A special issue of Mathematics (ISSN 2227-7390). This special issue belongs to the section "E: Applied Mathematics".

Deadline for manuscript submissions: 15 November 2026 | Viewed by 2244

Special Issue Editors

Dr. Wei Zheng

E-Mail Website
Guest Editor
School of Software, Northwestern Polytechnical University, Xi'an, China
Interests: software security; formal verification; intelligent software testing; vulnerability analysis; AI security; AI-assisted software security; vulnerability evolution
Dr. Xiaoxue Wu

E-Mail Website
Guest Editor
School of Information Engineering, Yangzhou University, Yangzhou 225000, China
Interests: domain knowledge graph; software quality assurance; software security

Special Issue Information

Dear Colleagues,

Software security and domain knowledge are critical pillars in modern computing, driving innovation across industries such as healthcare, finance, and critical infrastructure.

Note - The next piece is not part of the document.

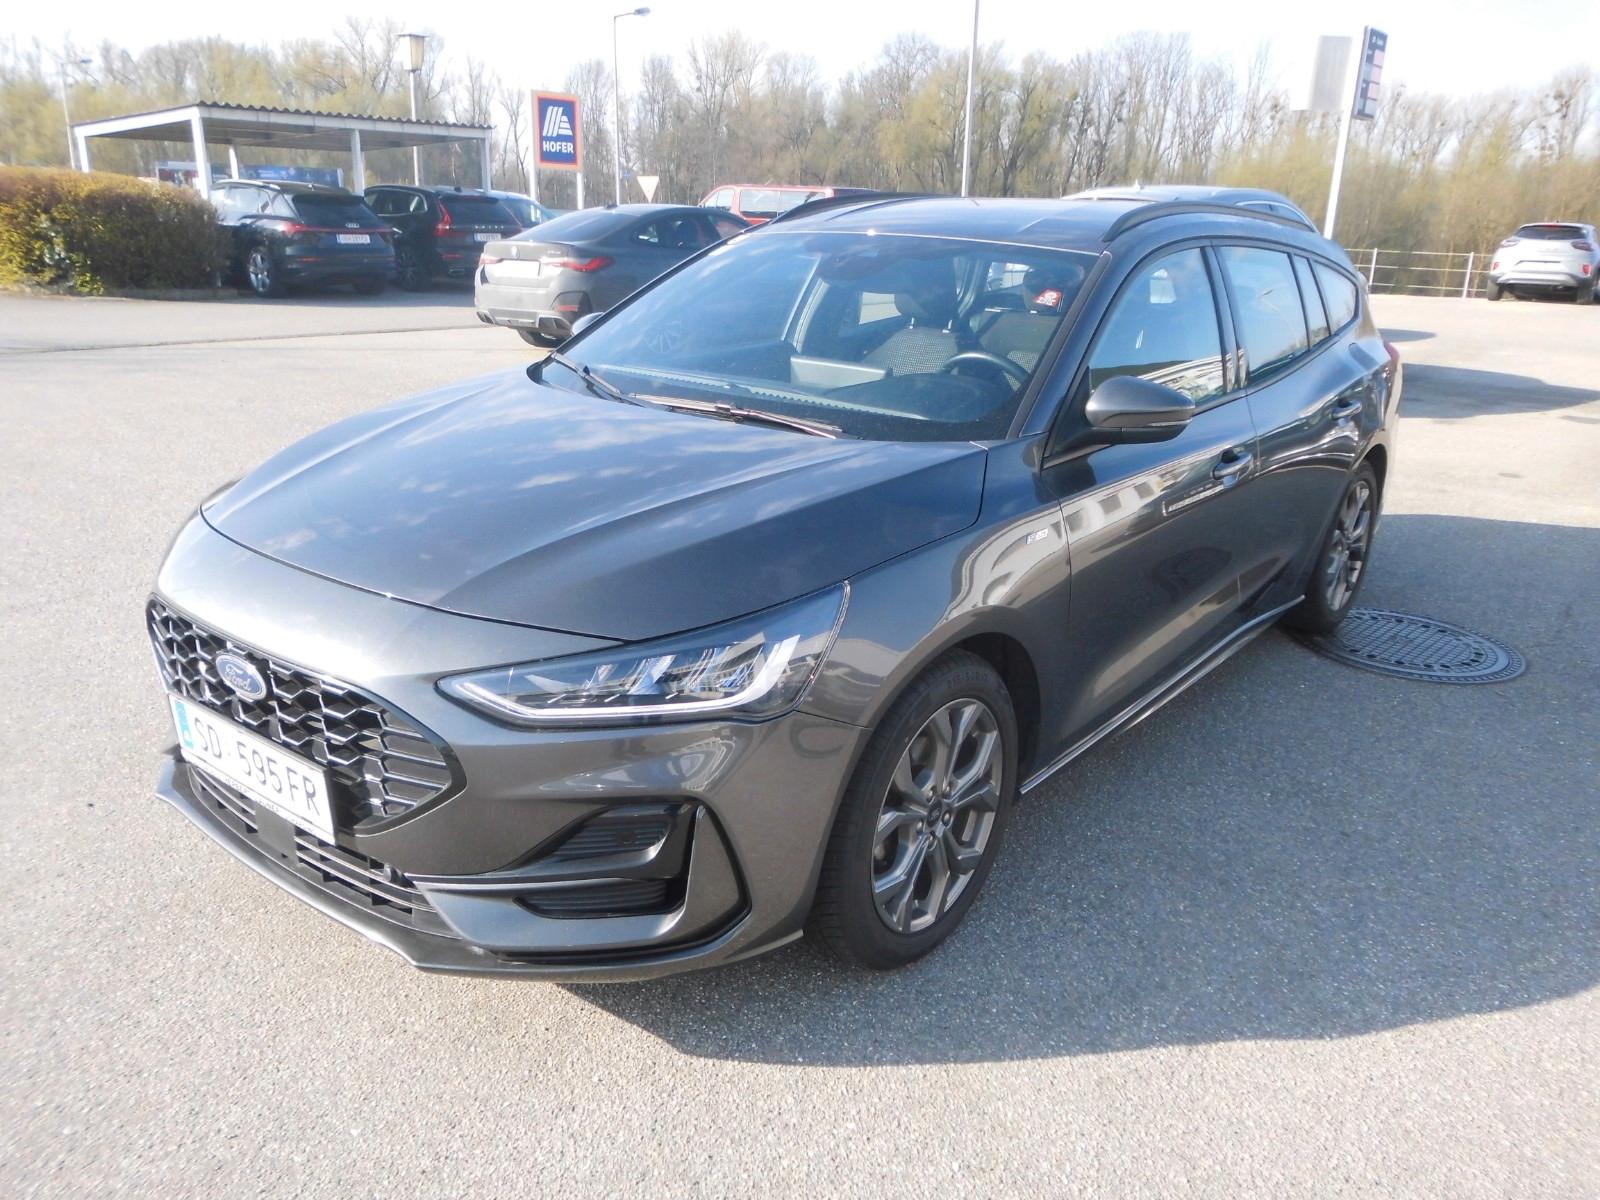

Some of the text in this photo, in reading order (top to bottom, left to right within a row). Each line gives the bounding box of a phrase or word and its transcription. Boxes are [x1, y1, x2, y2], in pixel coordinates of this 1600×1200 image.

[542, 140, 574, 154] HOFER
[225, 663, 252, 692] Ford
[193, 717, 223, 760] SD

As systems become increasingly complex, the integration of domain-specific knowledge and robust security measures is essential to address emerging threats and ensure reliability.

We invite you to contribute original research articles focusing on mathematical innovations and challenges in software security and domain knowledge engineering. This Special Issue aims to showcase cutting-edge research that bridges theoretical foundations with practical applications, fostering interdisciplinary collaboration.

Broad Topics

The scope of this Special Issue includes, but is not limited to, the following:

  • Mathematical Innovations in Domain Knowledge Engineering:Software security related knowledge representation, reasoning, and integration in complex systems.
  • Mathematical Methods in Software Security: Vulnerability analysis, penetration testing, secure coding practices, and threat modeling.
  • AI-Driven Security: Machine learning for anomaly detection, automated threat response, and adversarial attacks.
  • Formal Methods:Model checking, theorem proving, and verification for secure software design.
  • Cybersecurity in Emerging Technologies: IoT security, blockchain vulnerabilities, and quantum-resistant cryptography.

Dr. Wei Zheng
Dr. Xiaoxue Wu
Guest Editors

Manuscript Submission Information

Manuscripts should be submitted online at www.mdpi.com by registering and logging in to this website. Once you are registered, click here to go to the submission form. Manuscripts can be submitted until the deadline. All submissions that pass pre-check are peer-reviewed. Accepted papers will be published continuously in the journal (as soon as accepted) and will be listed together on the special issue website. Research articles, review articles as well as short communications are invited. For planned papers, a title and short abstract (about 250 words) can be sent to the Editorial Office for assessment.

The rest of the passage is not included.